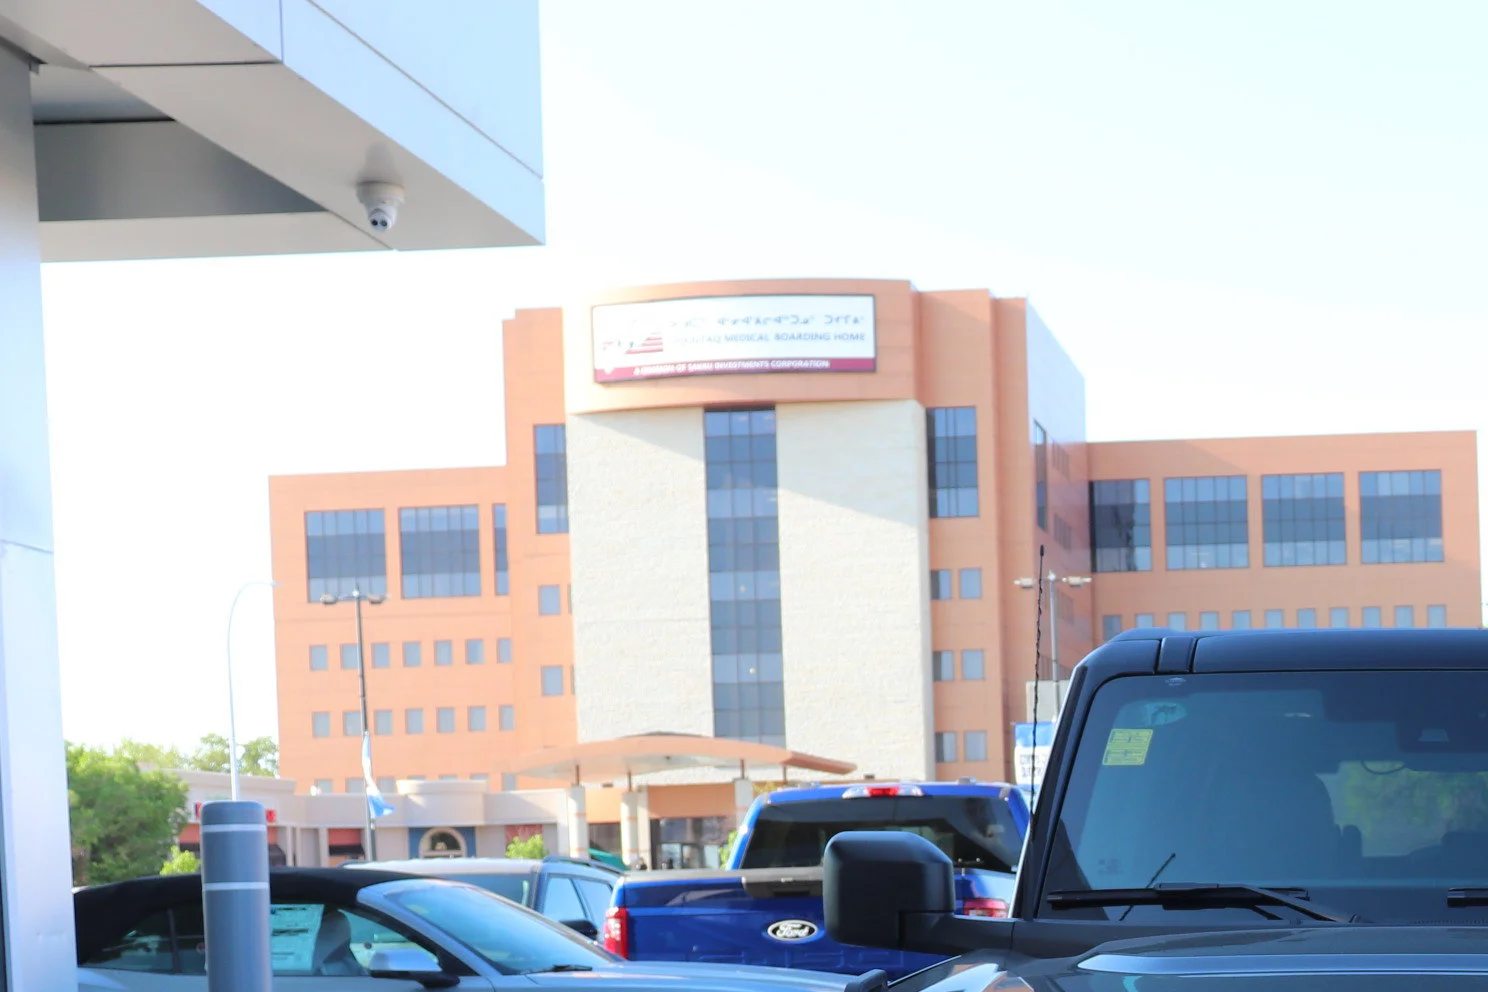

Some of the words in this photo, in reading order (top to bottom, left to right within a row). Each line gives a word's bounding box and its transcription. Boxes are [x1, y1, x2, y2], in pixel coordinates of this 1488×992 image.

[724, 332, 769, 342] MEDICAL
[774, 332, 830, 341] BOARDING
[834, 332, 865, 341] HOME
[770, 359, 830, 369] CORPORATION

========================================================================

What is needed is an exact printout of every record above, with the pictures left out.

§ **ANSWER SECTION**
Some of the words in this photo, in reading order (top to bottom, left to right within a row). Each line gives a word's bounding box and its transcription. Boxes are [x1, y1, x2, y2], in pixel coordinates of this 1488×992 image.

[724, 332, 769, 342] MEDICAL
[774, 332, 830, 341] BOARDING
[834, 332, 865, 341] HOME
[770, 359, 830, 369] CORPORATION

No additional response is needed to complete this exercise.